Father’s Day Tribute to a Wonderful Dad and the Story’s Fourth Side
Editor’s Note: Last weekend, Tony Miller attended the Dads4Kids Men’s Leadership Summit, where he was awarded a Lifetime Achievement Award in recognition of his lifetime service and sacrifice for the men, families, and children of Australia. See the photo above. He did not know it was coming. It was our secret. He was happily surprised. Tony’s 27-year-old son Cassidy Miller had encouraged him to come. We are so glad he did. Cassidy wrote this letter to Dads4Kids. He gave us permission to publish it for Father’s Day so we could honour his dad on Father’s Day!
There are four sides to every family break-up story — HIS, HERS and THE TRUTH; and somewhere on the journey, they forgot to ask my side. This is what I call the FOURTH SIDE.
I love my Dad.
I was only 4 years old when I buried myself behind my Dad’s favourite sofa, bawling my eyes out — am I in trouble? What did I do wrong? Why are they screaming at each other? I don’t understand.

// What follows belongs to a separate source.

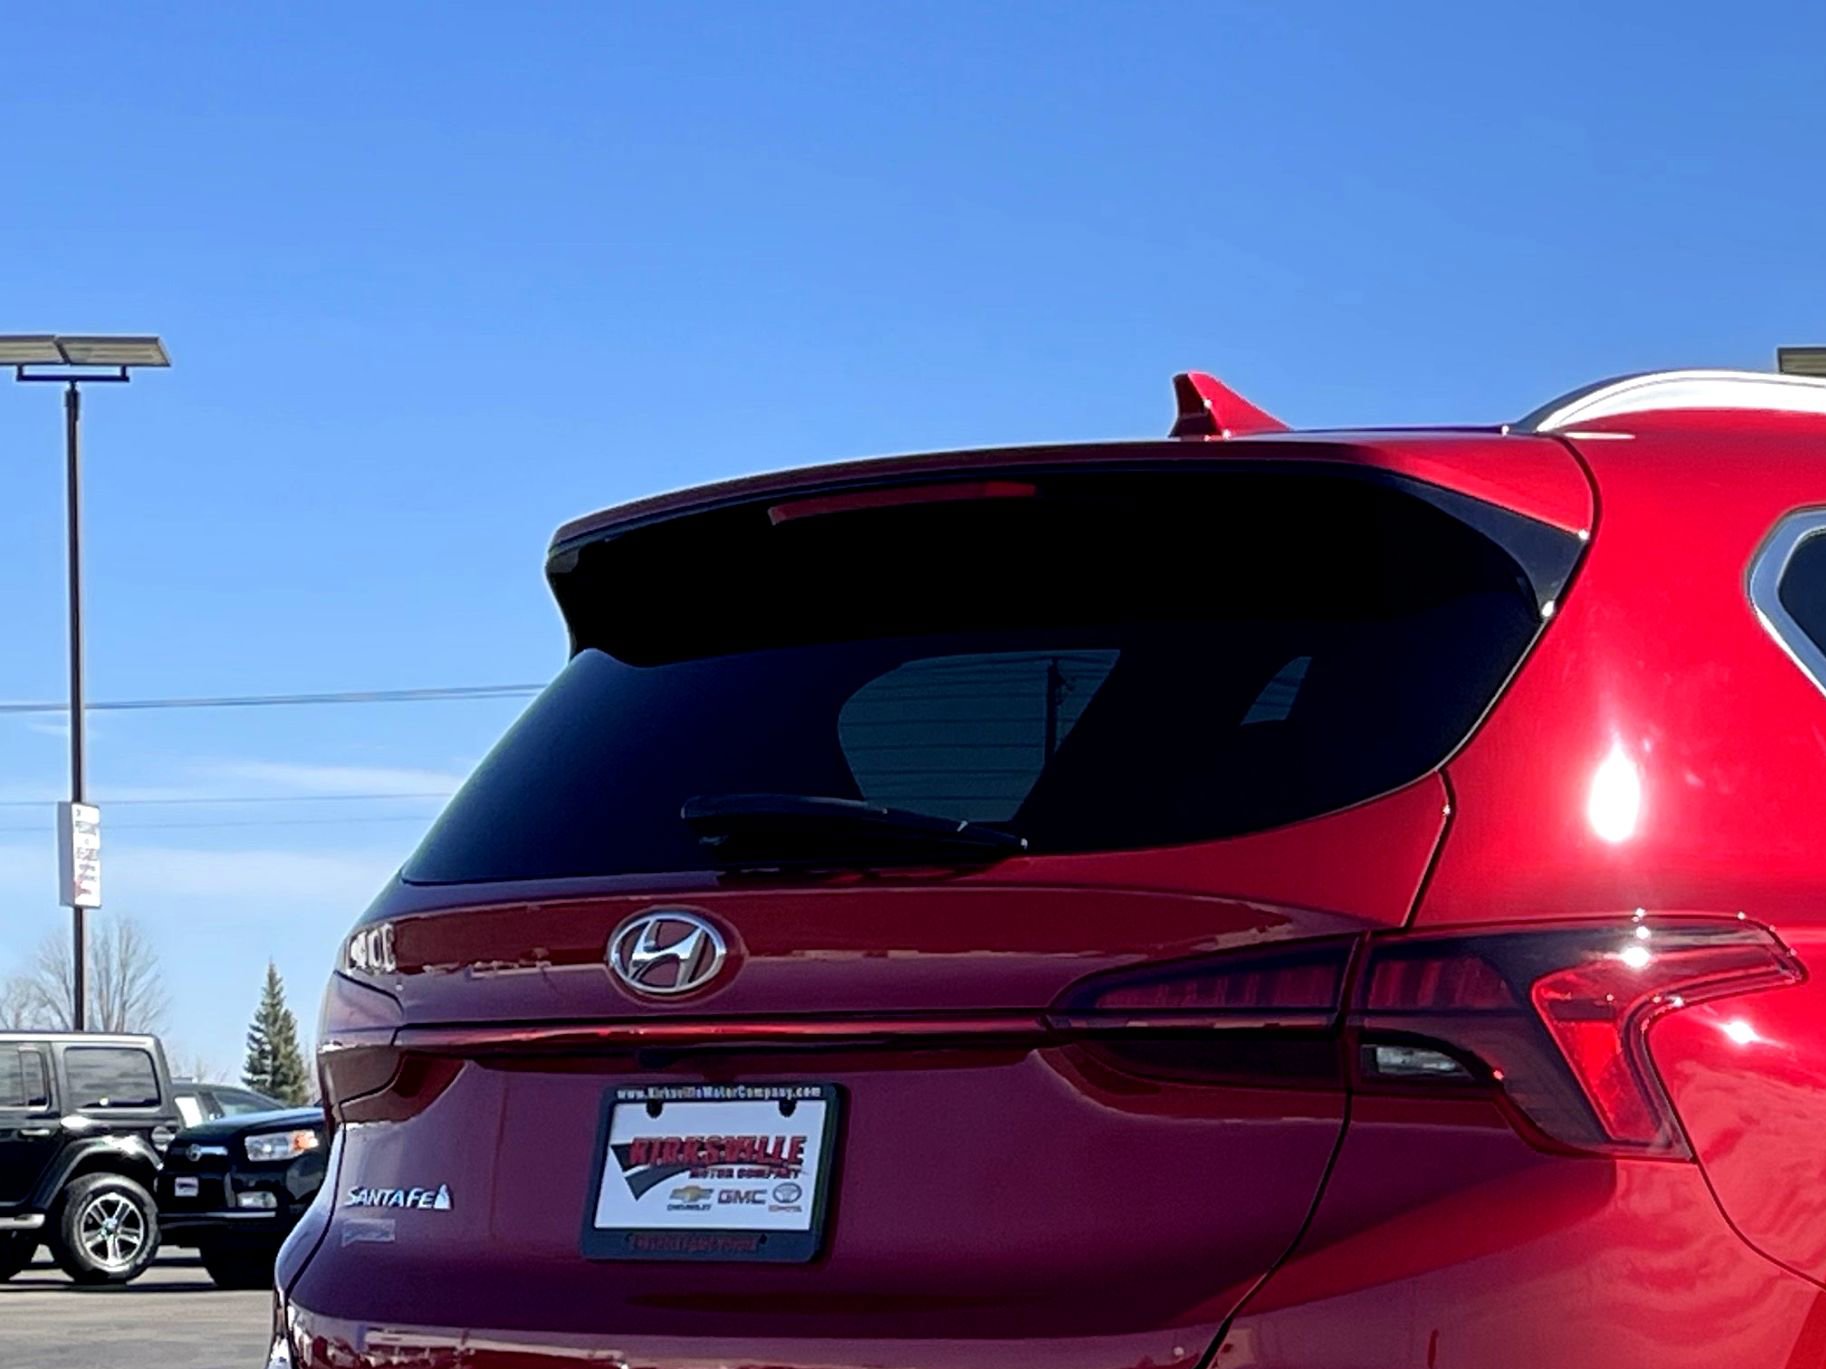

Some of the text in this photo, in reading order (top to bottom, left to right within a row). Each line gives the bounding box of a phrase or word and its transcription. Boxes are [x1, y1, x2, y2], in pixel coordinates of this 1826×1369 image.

[628, 1135, 807, 1166] KIRKSVILLE
[688, 1168, 735, 1180] MOTOR
[344, 1186, 434, 1208] SANTA FE
[717, 1189, 768, 1205] GMC

Mum screams she hates him, Dad yells he’s had enough. Where are you going, Dad? Can I come? The door slammed; it was locked behind him. Where’s my Dad?

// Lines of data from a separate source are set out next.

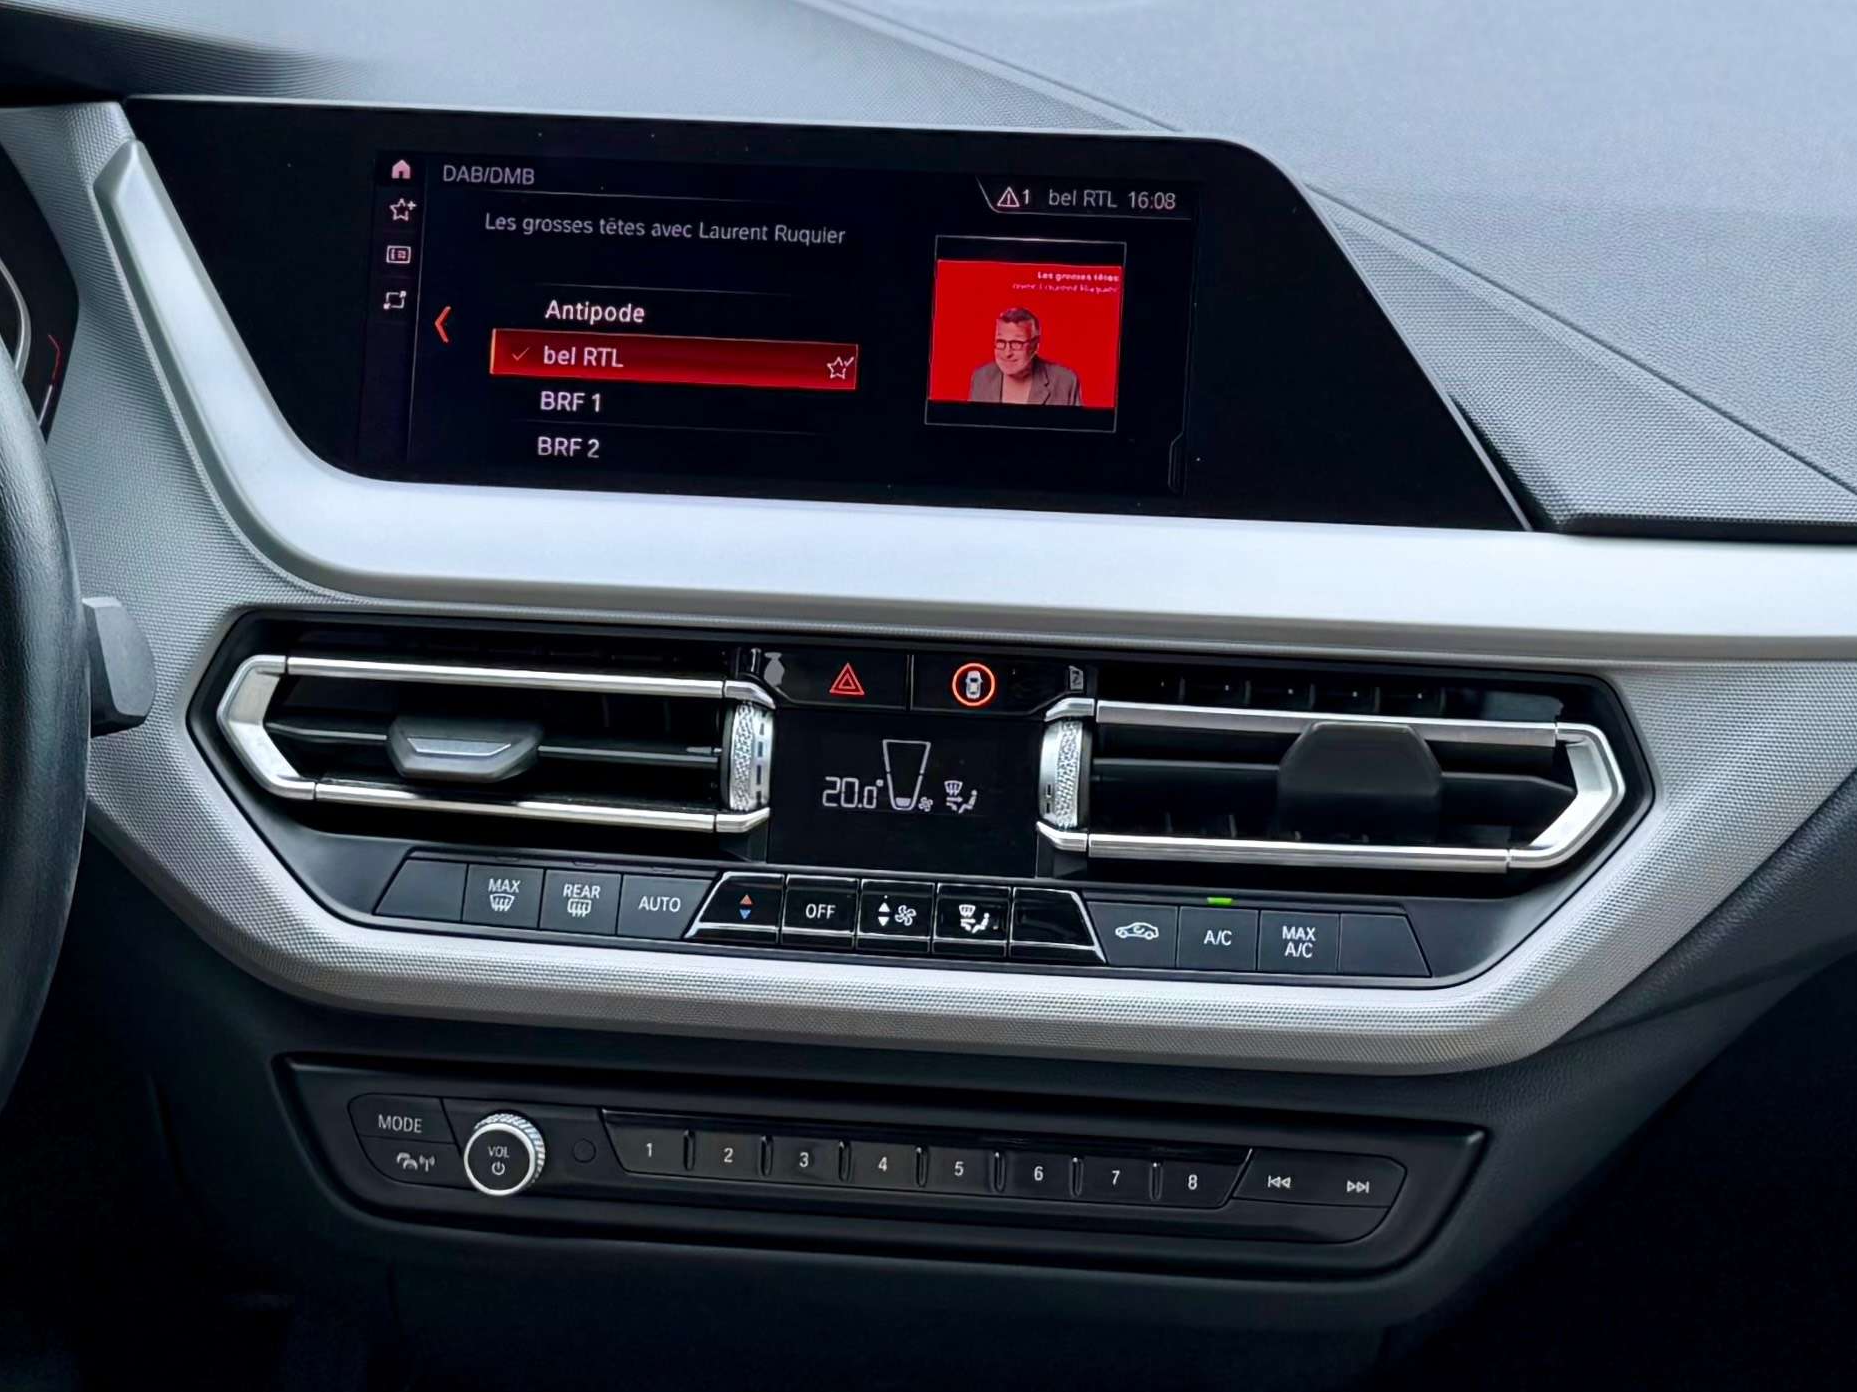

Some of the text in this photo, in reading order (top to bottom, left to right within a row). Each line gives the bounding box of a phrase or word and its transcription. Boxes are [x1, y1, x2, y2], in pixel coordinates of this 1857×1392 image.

[443, 165, 535, 185] DAB/DMB
[1022, 189, 1177, 210] 1 bel RTL 16:08
[485, 212, 517, 232] Les
[523, 217, 593, 238] grosses
[651, 222, 693, 239] avec
[699, 220, 768, 241] Laurent
[774, 224, 846, 247] Ruquier
[545, 300, 645, 326] Antipode
[543, 346, 624, 369] bel RTL
[540, 391, 602, 413] BRF 1
[537, 436, 600, 459] BRF 2
[488, 877, 521, 894] MAX
[562, 882, 601, 900] REAR
[638, 895, 681, 913] AUTO
[805, 903, 836, 920] OFF
[1203, 928, 1232, 947] A/C
[1282, 925, 1317, 941] MAX
[1284, 942, 1313, 959] A/C
[378, 1114, 423, 1133] MODE
[487, 1144, 510, 1159] VOL
[645, 1142, 654, 1159] 1
[723, 1147, 734, 1164] 2
[799, 1151, 810, 1169] 3
[877, 1155, 889, 1172] 4
[954, 1160, 964, 1177] 5
[1033, 1165, 1044, 1182] 6
[1111, 1169, 1121, 1186] 7
[1187, 1174, 1198, 1191] 8

“Where’s Daddy?”, “I want Dad.”
Time with Dad
I wanted to see my Dad every day. I told Mum, I told the courts, I told Dad. My side wasn’t received.
I was only allowed to see him every second weekend. It wasn’t enough time, but it was time with my Dad so it lasted longer than usual — at least, that’s how it felt. Every second Friday was the best: that’s the day Dad picked me up from school.

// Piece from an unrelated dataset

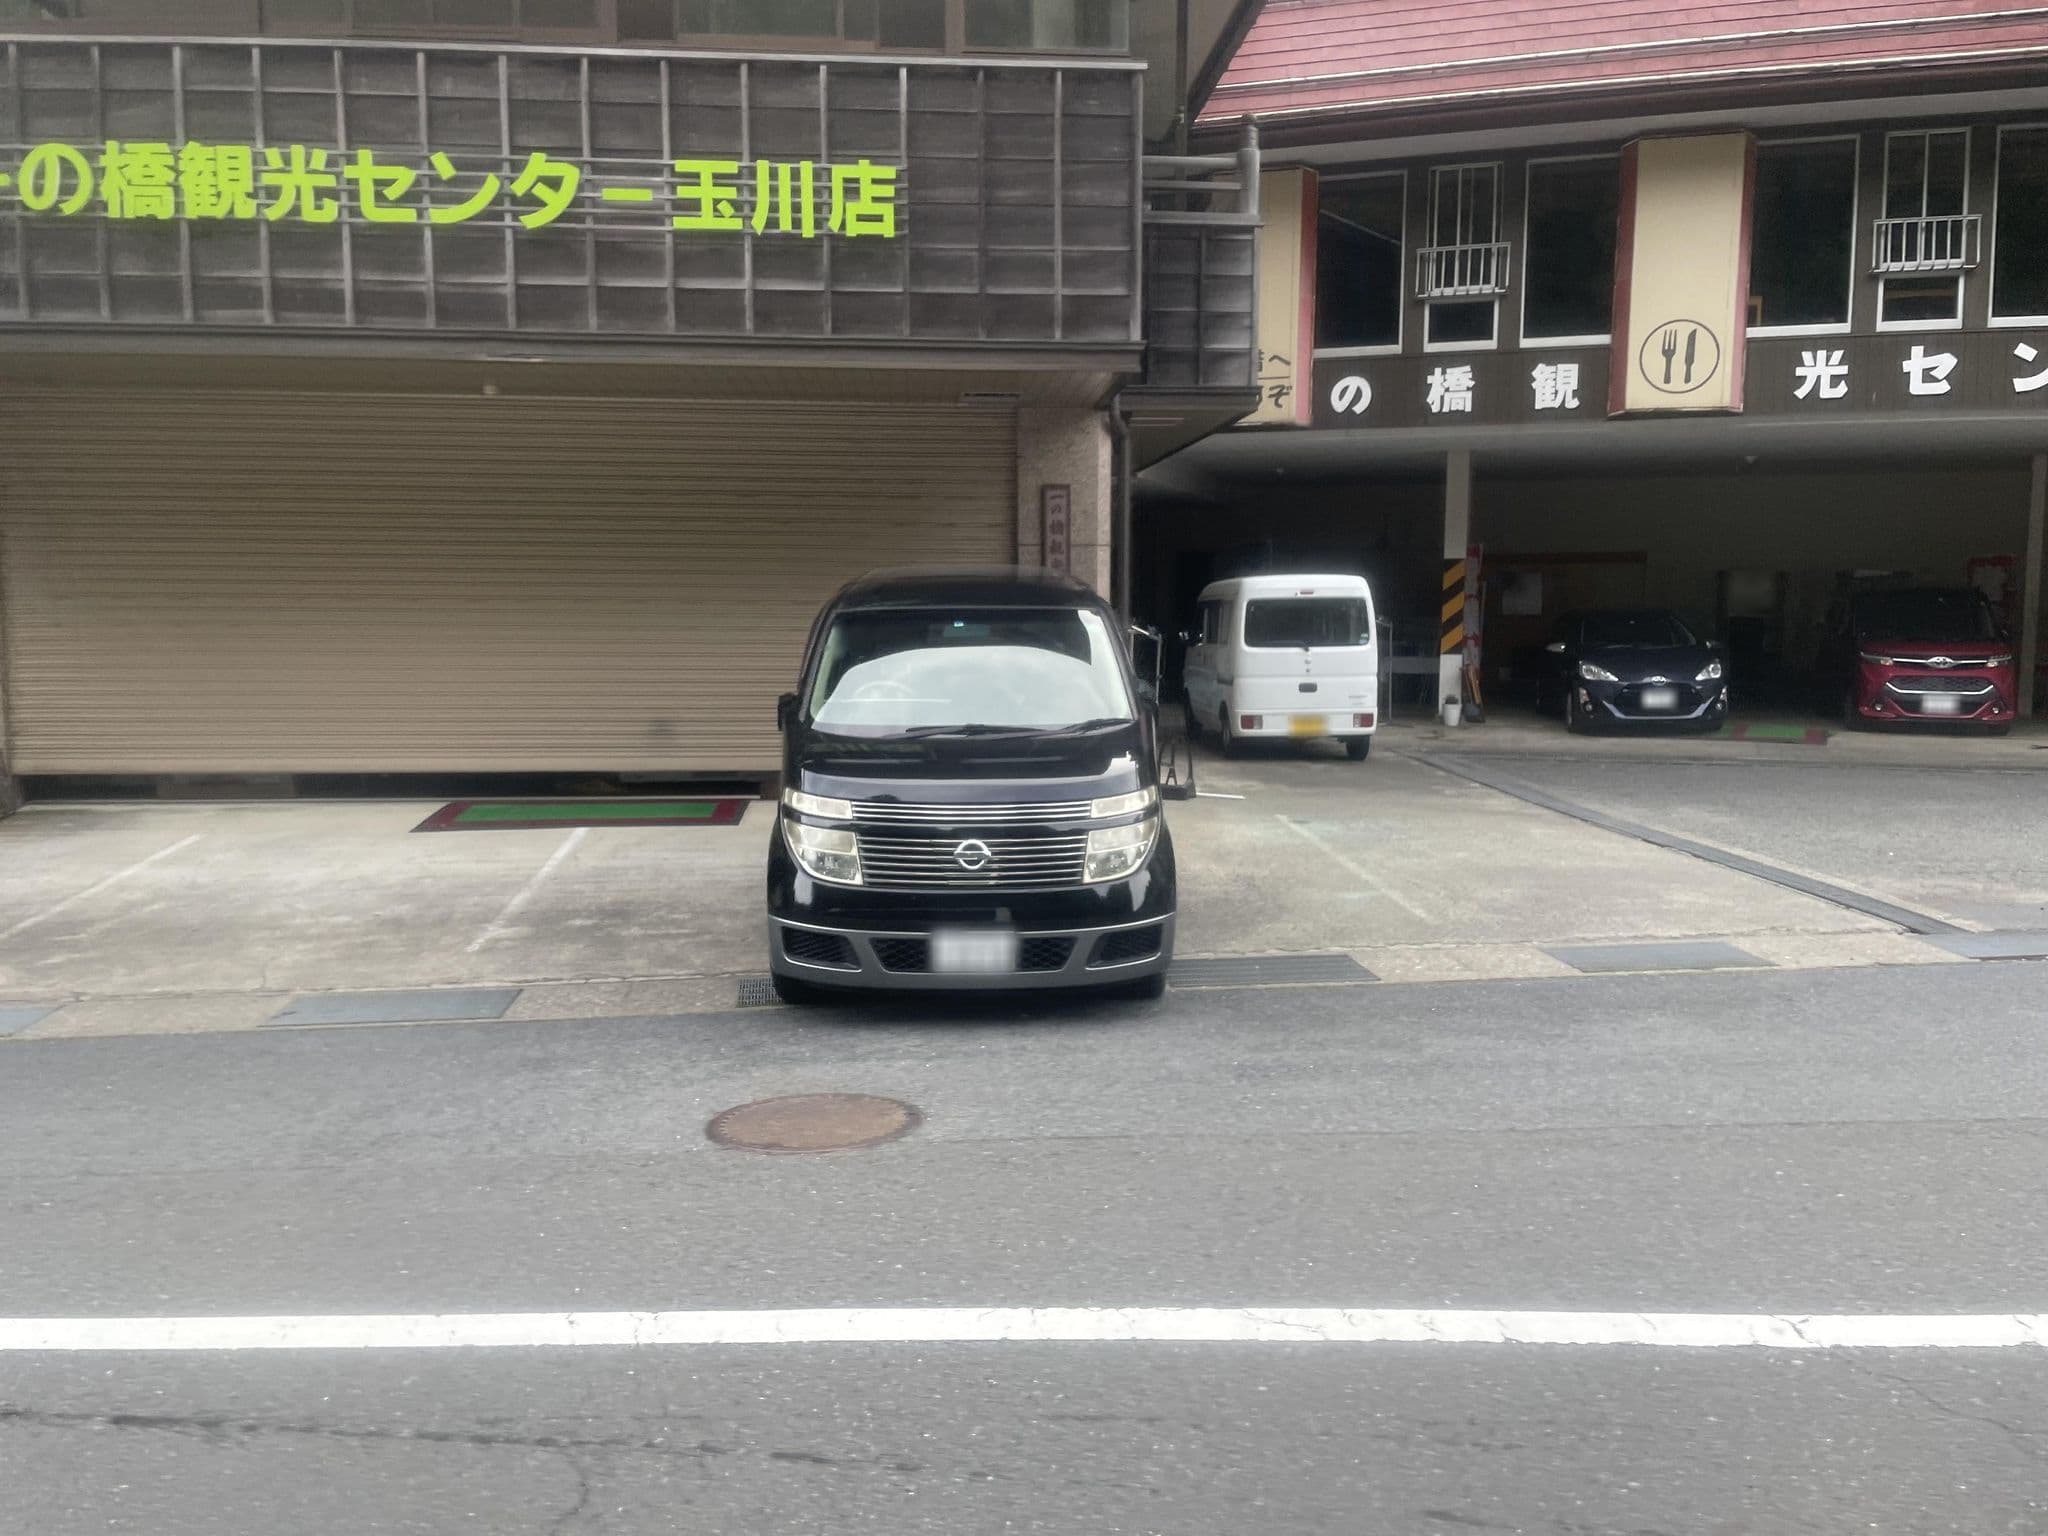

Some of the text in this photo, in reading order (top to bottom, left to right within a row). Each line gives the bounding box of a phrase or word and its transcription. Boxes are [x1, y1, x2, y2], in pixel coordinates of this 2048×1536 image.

[0, 140, 897, 238] の橋観光センター玉川店
[1258, 349, 1291, 373] へ
[1257, 384, 1293, 409] ぞ

We didn’t hug until we got to Dad’s house, but it was there at Dad’s house that I felt warm, welcomed, and treasured. It wasn’t often I saw Dad, so we usually had Maccas for dinner. He’d take me down and get me a Happy Meal. He’d open the toy for me, steal one of my nuggets and put his hand on my shoulder.
I’ll never forget what it feels like to have my Dad’s hand on my shoulder, keeping me safe, keeping me loved, and keeping me for as much time as we were allowed. I used to ask Mum if I could spend more time with Dad, but no, it wasn’t his weekend.
Who did this, who made rules about when I can see my Dad? He was my Dad! He was my hero!
Alas, Dad said when I’m old enough I can make my own decisions, that I can come over when I want to, not when designated by the court.
Dads in Distress
During that every second weekend I got with my Dad, we went to ‘The Meeting’. I didn’t know what it was back then, a bunch of Dad’s mates telling stories and passing around a rock.
Dad would sit there with these men and share all sorts of anecdotes and lessons about life that he had learned the hard way, and he would listen to theirs too.
I often sat behind them on the floor, playing with toy cars.
For an hour every second weekend, I had to give up my time with Dad to other people. They were always nice to me, but they always looked distressed. The same kind of distressed look that Dad would wear on his face at the end of our weekends.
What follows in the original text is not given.